O lugar, donde se fazem as leituras da Palavra de Deus na assembleia litúrgica, recebe o nome de ambão. Termo que significa um lugar aonde se sobe. Não é difícil pensar neste movimento ascendente ao qual a palavra ambão alude quando olhamos para os antigos púlpitos das nossas igrejas. Alguns artisticamente bem construídos, belos. 
Por exemplo, em Mós de Moncorvo, é um cálice em granito, simples e nobre. Porém, os púlpitos na sua generalidade, depois da reforma litúrgica do Vaticano II, foram simplesmente ignorados ou até desmantelados. Serviram para as pregações, mas, provavelmente devido à sua colocação que não permite o leitor ser visto por toda a assembleia, foram preteridos para a proclamação da Palavra de Deus. 
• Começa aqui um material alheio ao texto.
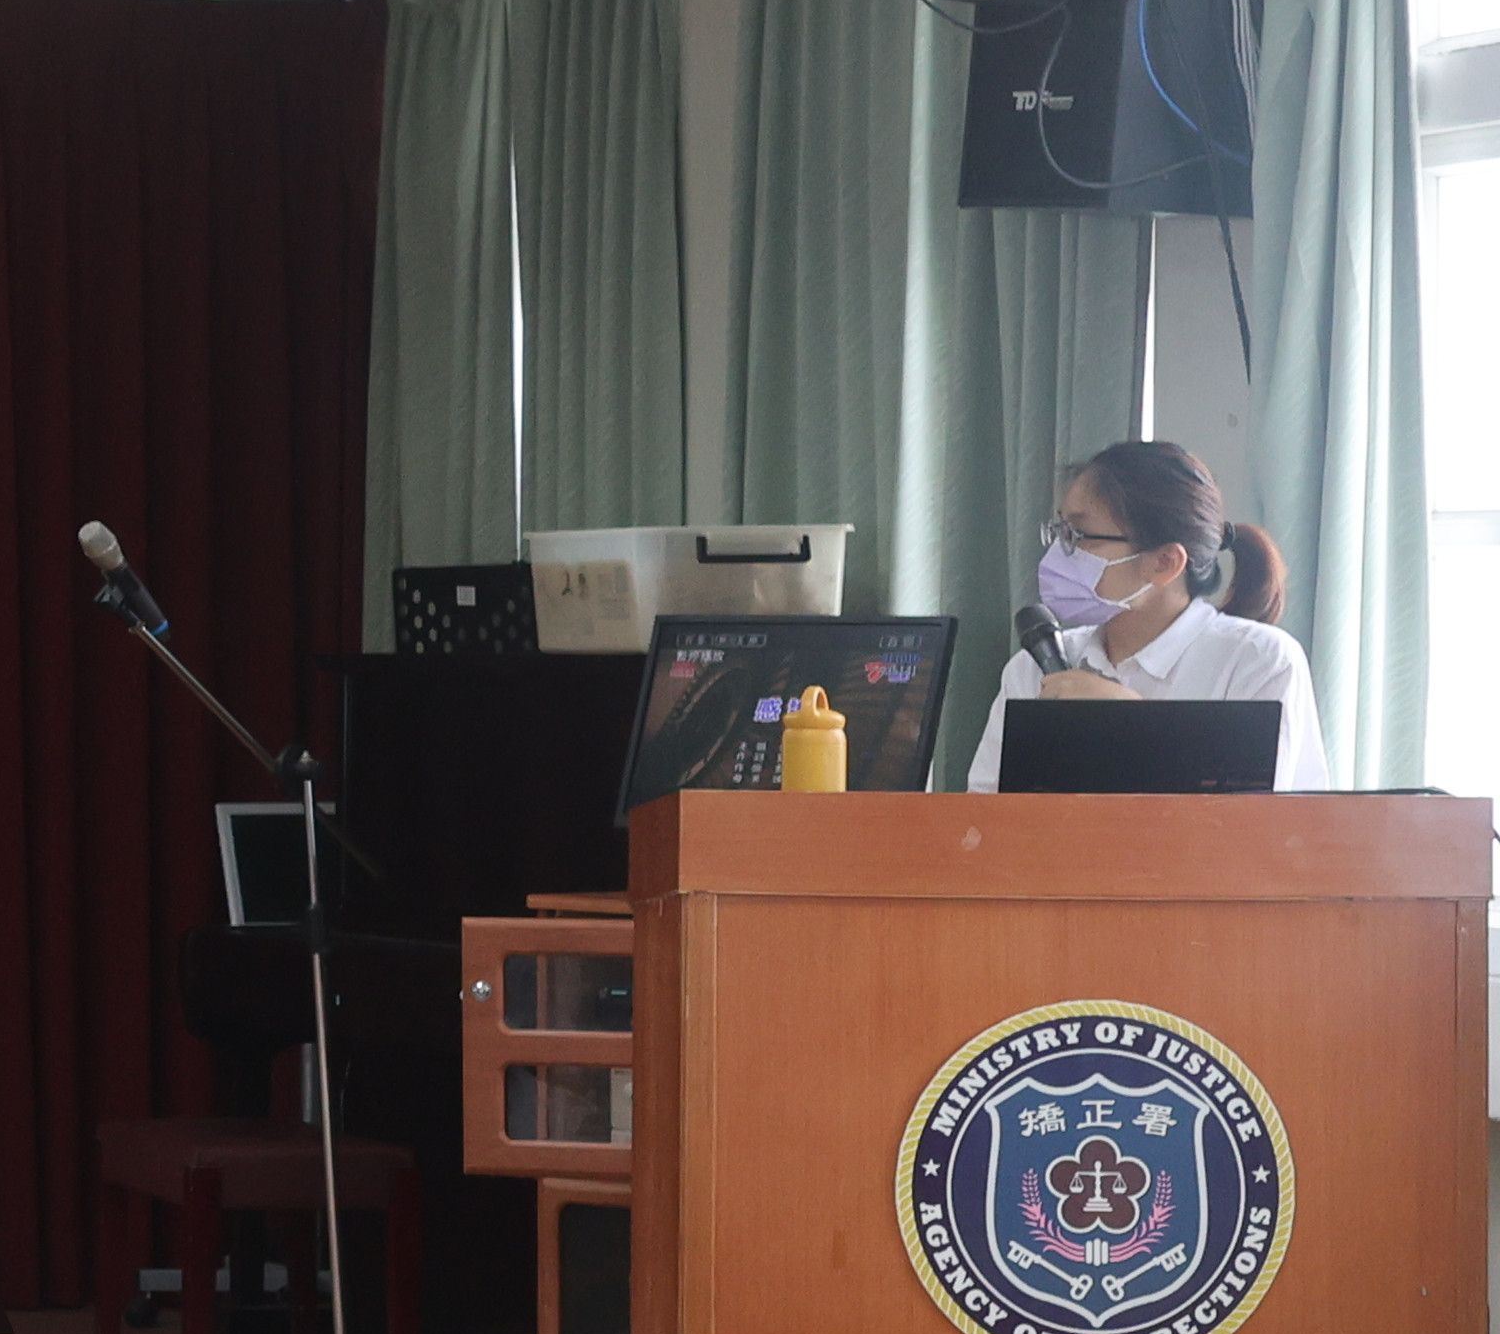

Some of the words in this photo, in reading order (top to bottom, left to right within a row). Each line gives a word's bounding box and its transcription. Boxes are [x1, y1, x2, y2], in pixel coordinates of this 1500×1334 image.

[930, 1021, 1083, 1137] MINISTRY
[1094, 1021, 1144, 1046] OF
[1148, 1033, 1263, 1143] JUSTICE
[1018, 1098, 1178, 1137] 矯正署
[918, 1200, 1009, 1329] AGENCY
Há uns anos a esta parte, no santuário da Senhora da Serra o púlpito foi oportunamente recuperado na celebração litúrgica, dado certamente as condições específicas da assembleia celebrante daquele santuário. Em muitas das nossas igrejas não dava para fazer o mesmo, porém deu e dá para fazer cada vez menos dos ambões simples estantes. O ambão é um lugar aonde se sobe e de lá se lê uma Palavra que ergue, uma Palavra que nos torna conscientes da dignidade com que fomos revestidos.
A atitude do leitor que sobe para ler diz muito da função do ambão. Daquele lugar elevado se lê e proclama uma Palavra que reergue não só quem a proclama mas também quem a escuta.  A ambos é restituída a postura dos ressuscitados, levantados pela Palavra da vida.
Recentemente, ainda que nem todos estejam de acordo, há uma tendência para relacionar o ambão com o túmulo vazio (ainda que cheio de sinais) da manhã de Páscoa. Agrada-me muito esta associação. Vem antes de mais da identificação do leitor que proclama a Palavra com o anjo da manhã daquele Domingo que faz nascer o dia com o anúncio da Ressurreição do Senhor e com a proclamação do Evangelho da vida. O ambão de Pombares quer dizer artisticamente, como outros o fazem, estes dois aspetos: um lugar aonde se sobe pisando a pedra partida do túmulo, um lugar que aponta para o túmulo vazio e aberto, sinal da vitória de Cristo sobre a morte.